Why Whales Beach Themselves and What We Know About Mass Strandings
Why Whales Beach Themselves and What We Know About Mass Strandings
Mass whale strandings — where dozens or even hundreds of whales beach themselves simultaneously — are among nature's most puzzling phenomena. Scientists have identified several contributing factors (naval sonar, disease, disorientation, social bonding), but no single explanation accounts for all strandings. The mystery persists despite decades of research, and strandings appear to be increasing worldwide.
The Scale
- 1,000+ strandings reported annually worldwide
- 300+ species of marine mammals have been documented stranding
- Largest mass stranding: 835 pilot whales, New Zealand (2017)
- Largest single species stranding: 400 pilot whales, Tasmania (2023)
- Strandings occur on every continent except Antarctica
- Annual increase: Strandings have increased 20% in the last decade
Species Most Commonly Affected
- Pilot whales: Account for 60% of mass strandings (highly social, follow leaders)
- Sperm whales: Deep divers that can get disoriented in shallow water
- Beaked whales: Extremely sensitive to naval sonar (ziphiids)
- Dolphins: Both solitary and mass strandings
- False killer whales: Social species prone to mass events
Known Causes
1. Naval sonar (strongest evidence):
- Mid-frequency active sonar (MFAS) used by military navies causes beaked whales to strand
- Sonar damages whale hearing and causes decompression sickness ("the bends")
- Beaked whales dive to 1,000-2,000m and surface slowly — sonar causes rapid ascent
- 2000: Mass stranding of beaked whales in the Bahamas coincided with US Navy sonar exercises
- 2002: NATO sonar exercises linked to strandings in the Canary Islands
- Multiple courts and scientific bodies have confirmed the sonar-stranding link
- But sonar explains only beaked whale strandings, not pilot whale mass strandings
2. Social bonding (explains pilot whales):
- Pilot whales form extremely tight social groups (pods of 20-100)
- If one whale (especially a matriarch) is sick or disoriented and beaches, the pod follows
- Their social instinct to stay together overrides individual survival instinct
- This is why mass strandings almost always involve the same species and pod
- Rescue efforts face a dilemma: Save one → the pod may restrand to rejoin it
3. Disease and parasites:
- Brain parasites (nematodes) can cause disorientation
- Bacterial and viral infections documented in stranded individuals
- Morbillivirus outbreaks have caused mass dolphin strandings
- Chronic illness may impair navigation ability
4. Navigational errors:
- Whales navigate using magnetic fields, sound, and seabed topography
- Gently sloping beaches can confuse echolocation (sound doesn't bounce back clearly)

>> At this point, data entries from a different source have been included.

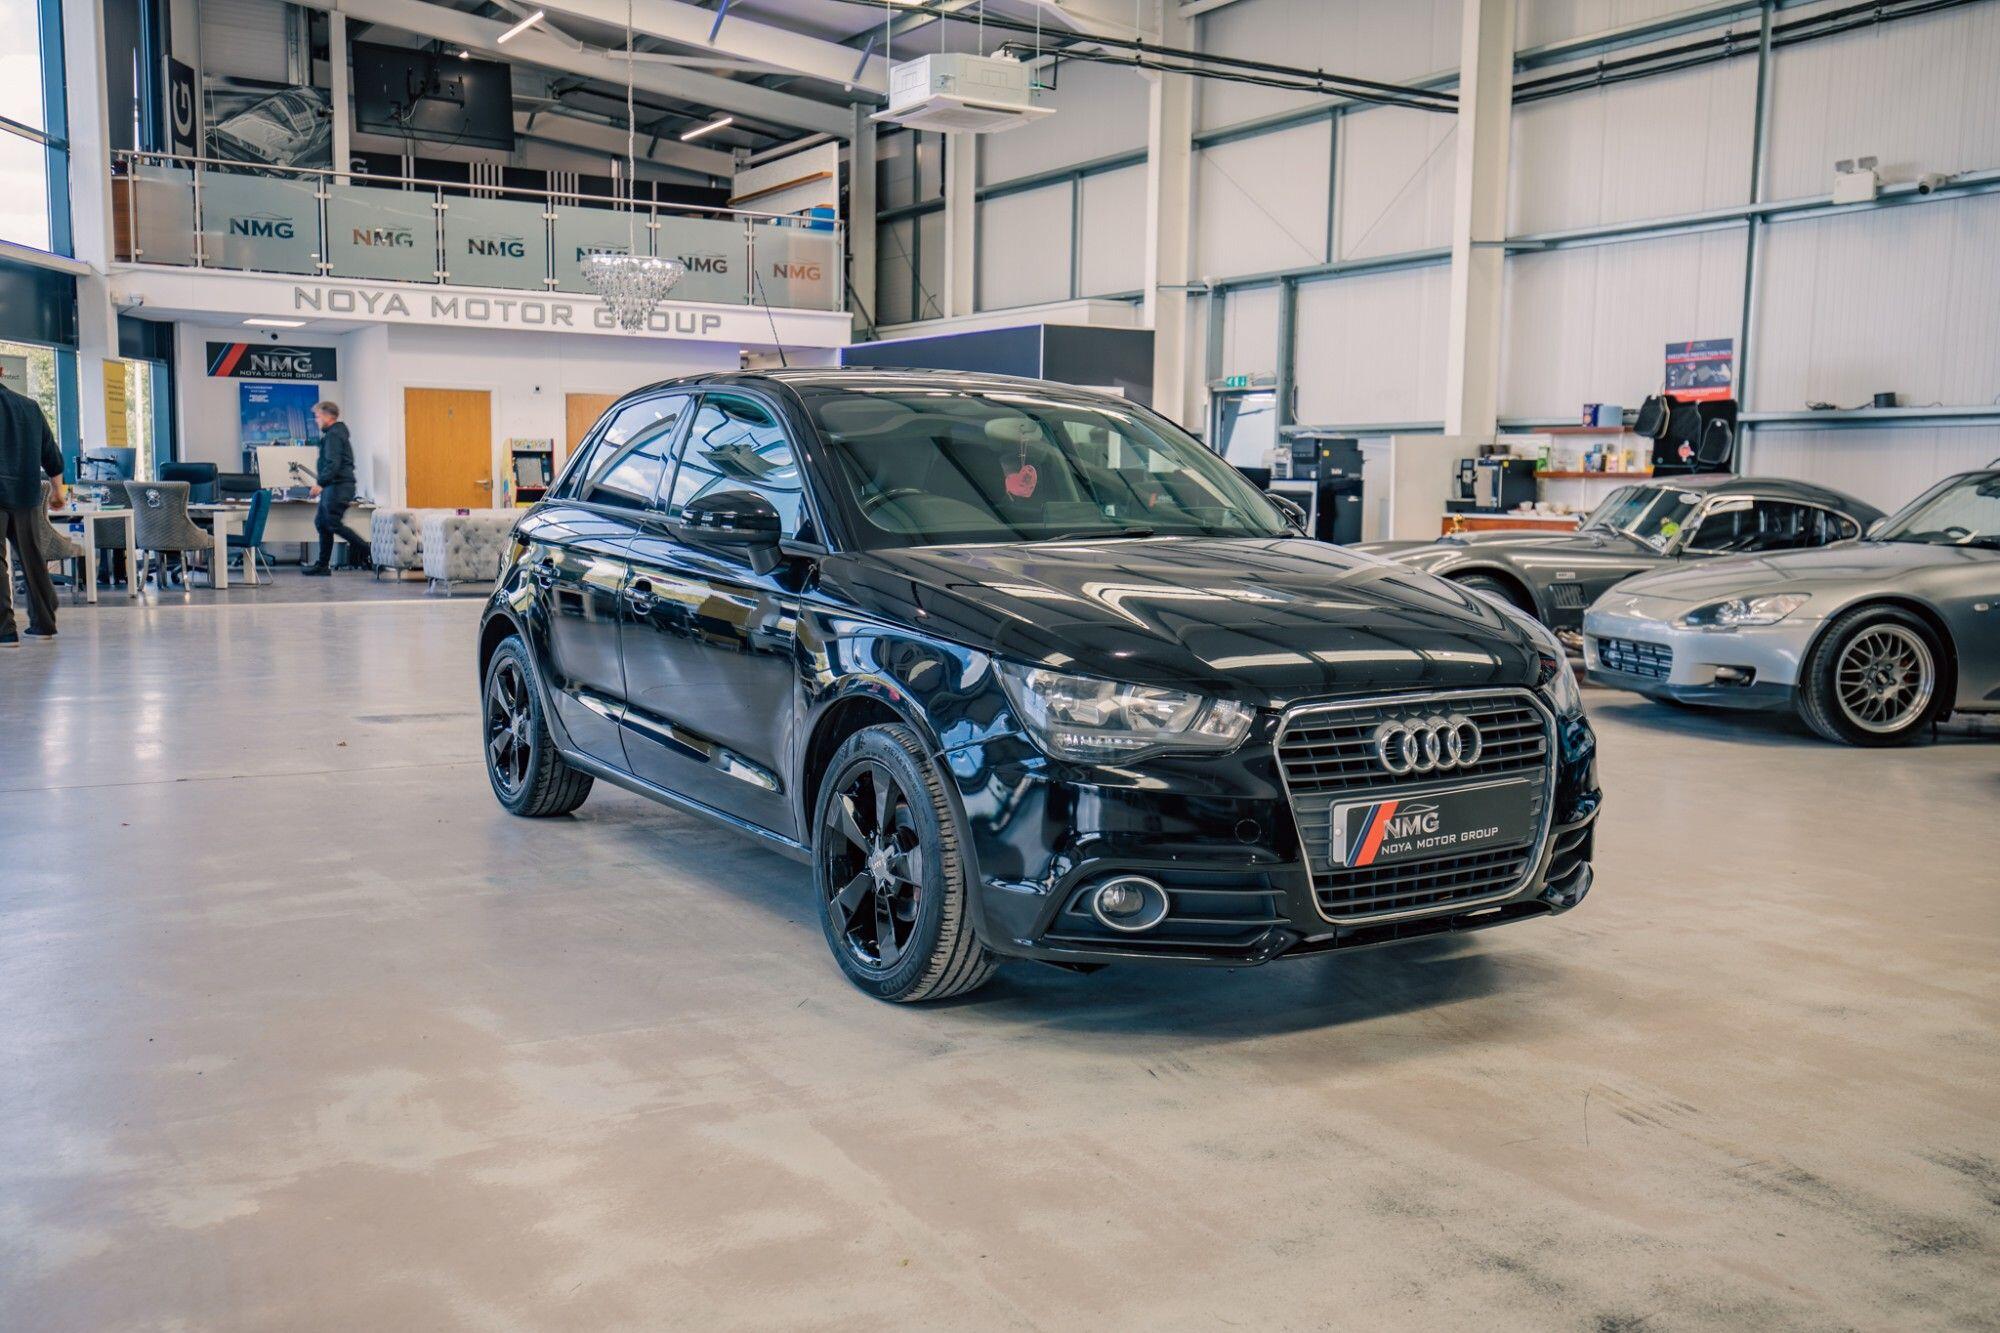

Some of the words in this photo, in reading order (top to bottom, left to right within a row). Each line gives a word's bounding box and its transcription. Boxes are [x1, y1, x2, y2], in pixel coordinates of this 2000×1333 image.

[229, 217, 294, 240] NMG
[353, 229, 414, 248] NMG
[468, 238, 525, 258] NMG
[773, 263, 821, 281] NMG
[294, 286, 410, 316] NOYA
[431, 295, 573, 326] MOTOR
[594, 306, 721, 335] GOUP
[250, 354, 313, 373] NMG
[1382, 812, 1440, 841] NMG
[1381, 841, 1412, 856] NOYA
[1416, 833, 1457, 849] MOTOR
[1460, 826, 1499, 843] GROUP
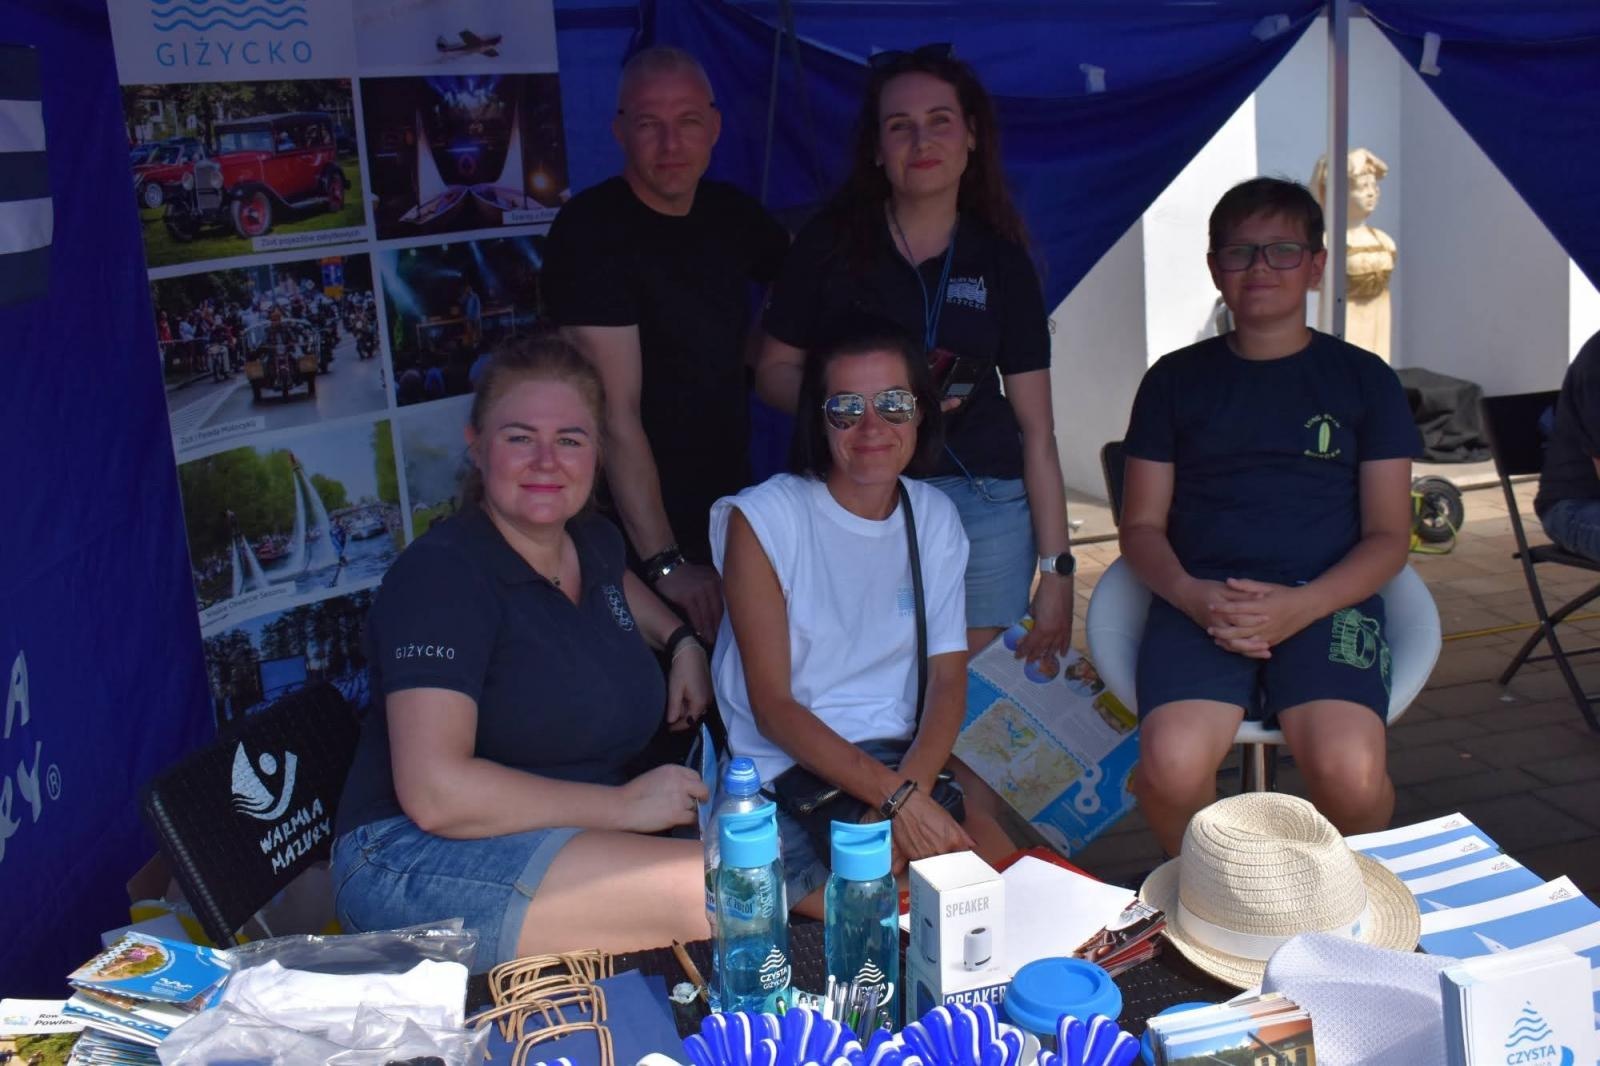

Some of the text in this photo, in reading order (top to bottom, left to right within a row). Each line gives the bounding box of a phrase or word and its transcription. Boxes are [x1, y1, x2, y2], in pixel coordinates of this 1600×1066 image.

[156, 36, 313, 66] GIŻYCKO
[395, 643, 455, 660] GIŻYCKO
[259, 798, 324, 855] WARMIA
[271, 817, 331, 875] MAZURY
[945, 896, 990, 919] SPEAKER
[760, 966, 788, 983] CZYSTA
[1506, 1044, 1556, 1065] CZYSTA
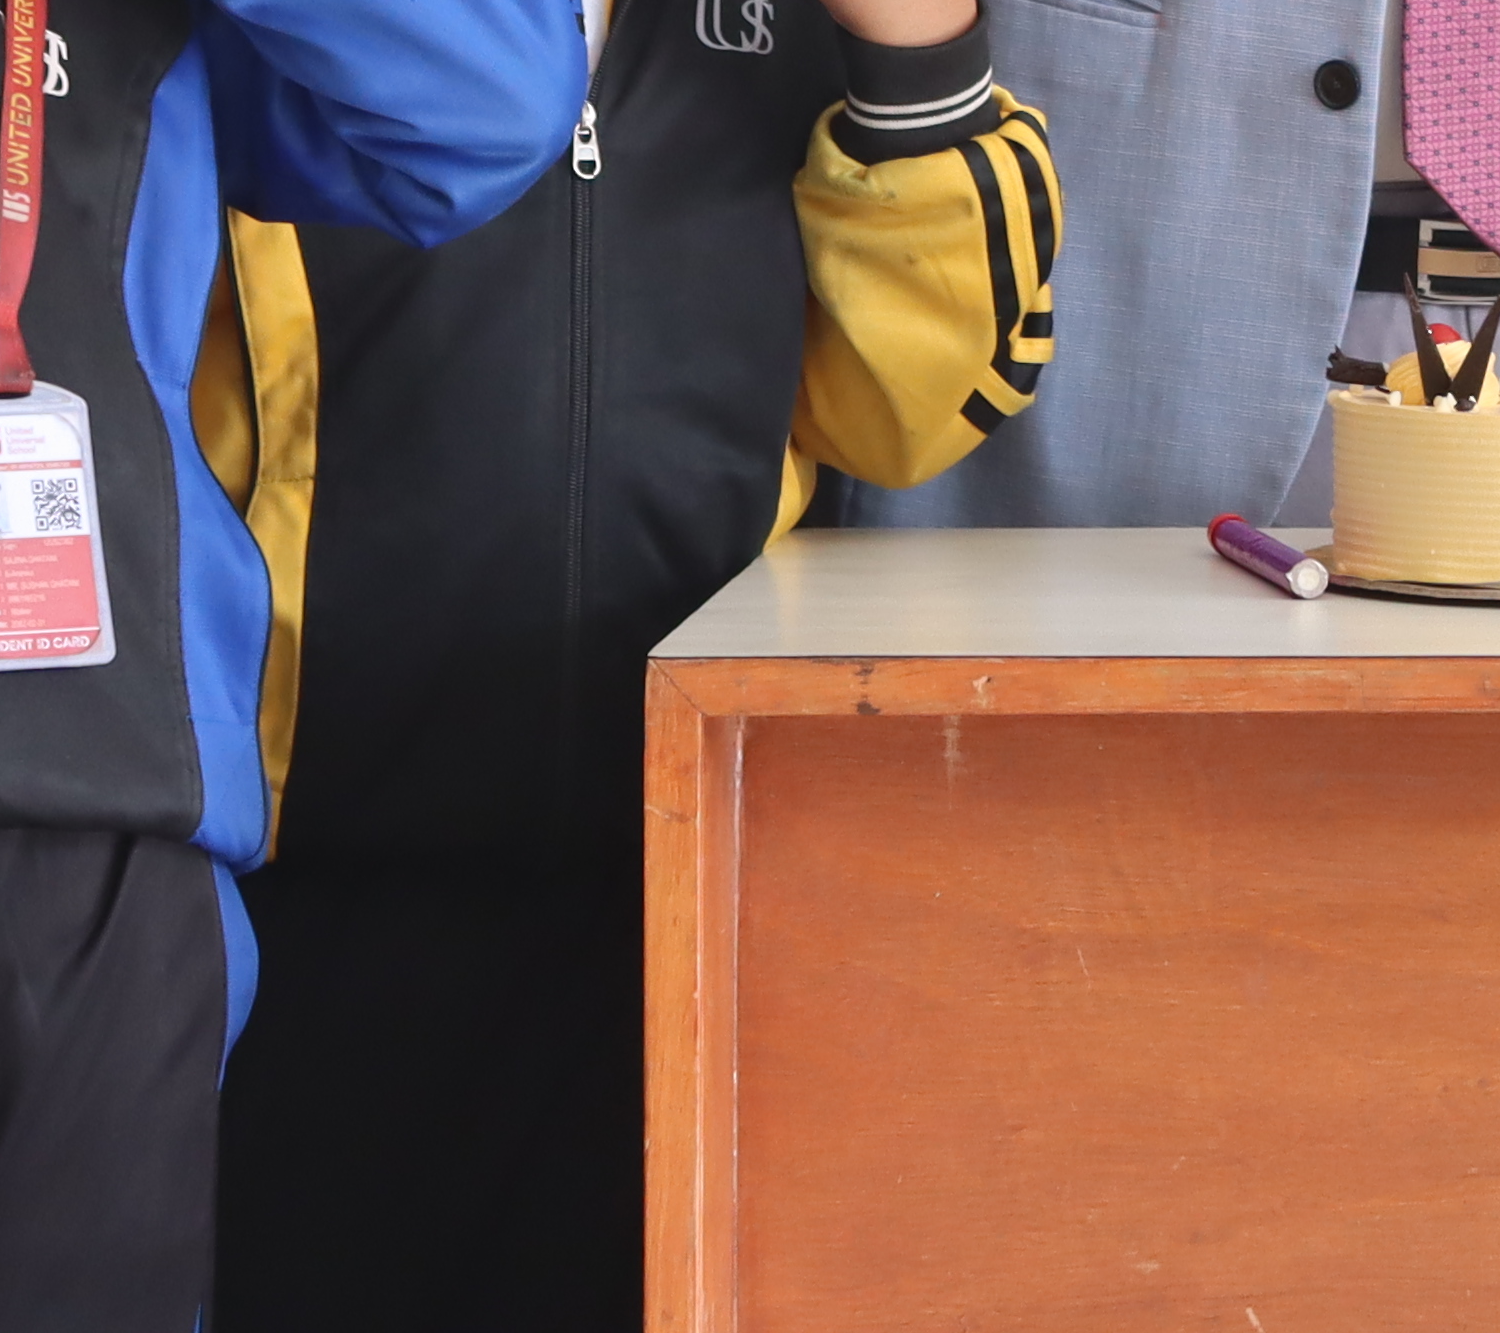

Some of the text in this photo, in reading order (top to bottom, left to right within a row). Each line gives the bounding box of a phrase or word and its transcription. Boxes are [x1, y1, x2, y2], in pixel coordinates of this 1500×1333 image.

[6, 92, 32, 186] UNITED
[37, 638, 51, 650] ID
[53, 635, 91, 649] CARD

- Rapidly changing seabed features (sandbars, channels) can trap whales
- Following prey into shallow water and becoming stranded
5. Climate change:
- Changing ocean temperatures alter prey distribution → whales follow into unfamiliar waters
- Shifts in migration routes → whales encounter new hazards
- Warming waters → increased disease susceptibility
- More frequent extreme weather → disorientation in storms
The Rescue Challenge
What happens during strandings:
- Whales suffer organ damage from their own weight on land (gravity compresses organs)
- They can survive only 24-48 hours out of water
- Sun exposure, overheating, and dehydration are immediate threats
- Rescuers must keep whales cool, wet, and upright
Rescue techniques:
- Keep whales upright and wet (sheets, water)
- Dig trenches around pectoral fins to relieve pressure
- Use boats to guide whales back to deeper water
- Herd non-stranded pod members to prevent them from beaching
- In some cases: Euthanasia is the only humane option (severe injuries)
The restranding problem:
- Rescued whales often restrand (30-50% restrand rate)
- Social instinct draws them back to stranded pod members
- Some rescuers euthanize stranded whales to prevent the pod from returning
New Zealand: The Stranding Capital
- New Zealand has the highest stranding rate in the world
- 3-4 mass strandings per year on average
- Farewell Spit (South Island) is a global stranding hotspot
- Shallow, gently sloping beaches confuse whale echolocation
- New Zealand has one of the world's best stranding response networks
- 2023: 40 pilot whales euthanized after restranding at Farewell Spit
The Takeaway
Whale strandings remain one of nature's great unsolved mysteries. Naval sonar clearly causes strandings in beaked whales. Social bonding explains why pilot whales strand in mass groups. Disease, disorientation, and climate change contribute. But no single explanation fits all cases. What we know is that strandings are increasing, the causes are complex and overlapping, and the rescue efforts — while heroic — face an impossible dilemma: saving one whale may doom its entire pod to restrand. The best long-term solution may be reducing the human activities (sonar, ocean noise, pollution) that contribute to disorientation, while accepting that some strandings are natural phenomena we can't prevent.